◆ **Requirement**
Output each entry verbatim. Leave the images out.

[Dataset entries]

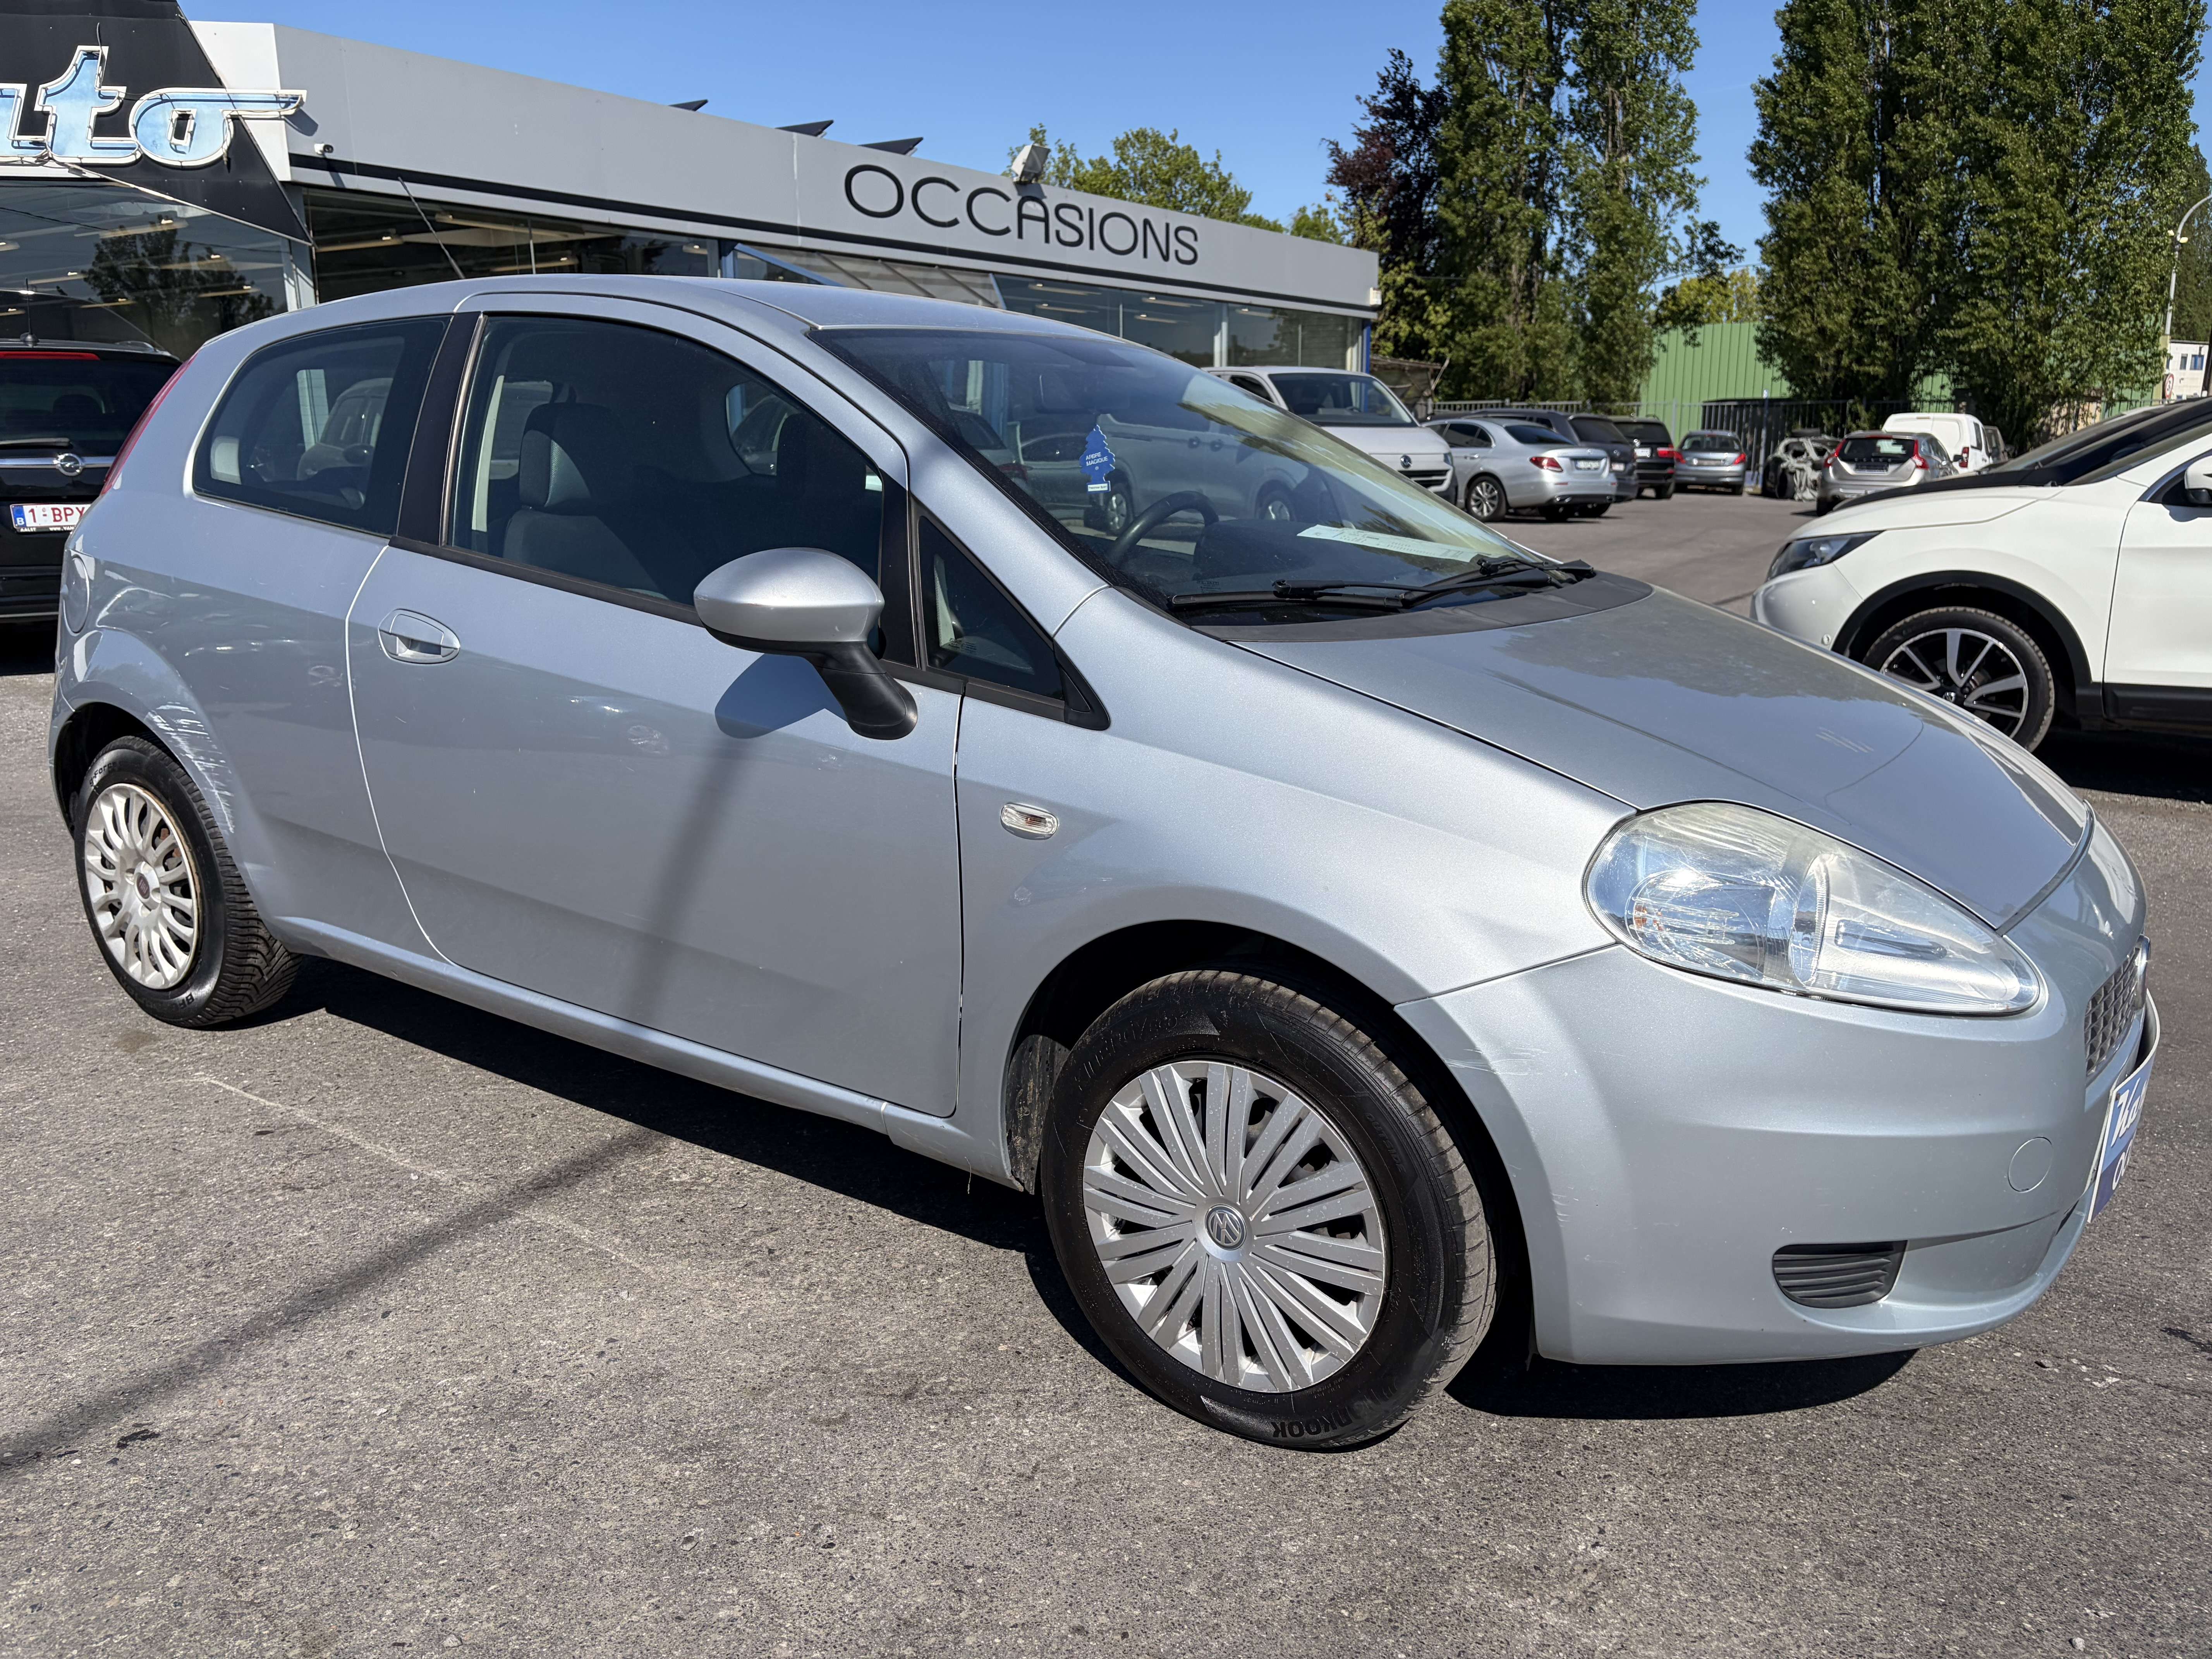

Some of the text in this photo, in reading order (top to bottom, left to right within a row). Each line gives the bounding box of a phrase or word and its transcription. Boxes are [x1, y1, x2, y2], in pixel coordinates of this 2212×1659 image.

[0, 45, 307, 167] to
[845, 164, 1198, 265] OCCASIONS
[1086, 452, 1101, 460] ARBRE
[1086, 456, 1108, 466] MAGIQUE

◆ **Output for this exercise**
Some of the text in this photo, in reading order (top to bottom, left to right within a row). Each line gives the bounding box of a phrase or word and its transcription. Boxes are [x1, y1, x2, y2], in pixel coordinates of this 2212×1659 image.

[0, 45, 307, 167] to
[845, 164, 1198, 265] OCCASIONS
[1086, 452, 1101, 460] ARBRE
[1086, 456, 1108, 466] MAGIQUE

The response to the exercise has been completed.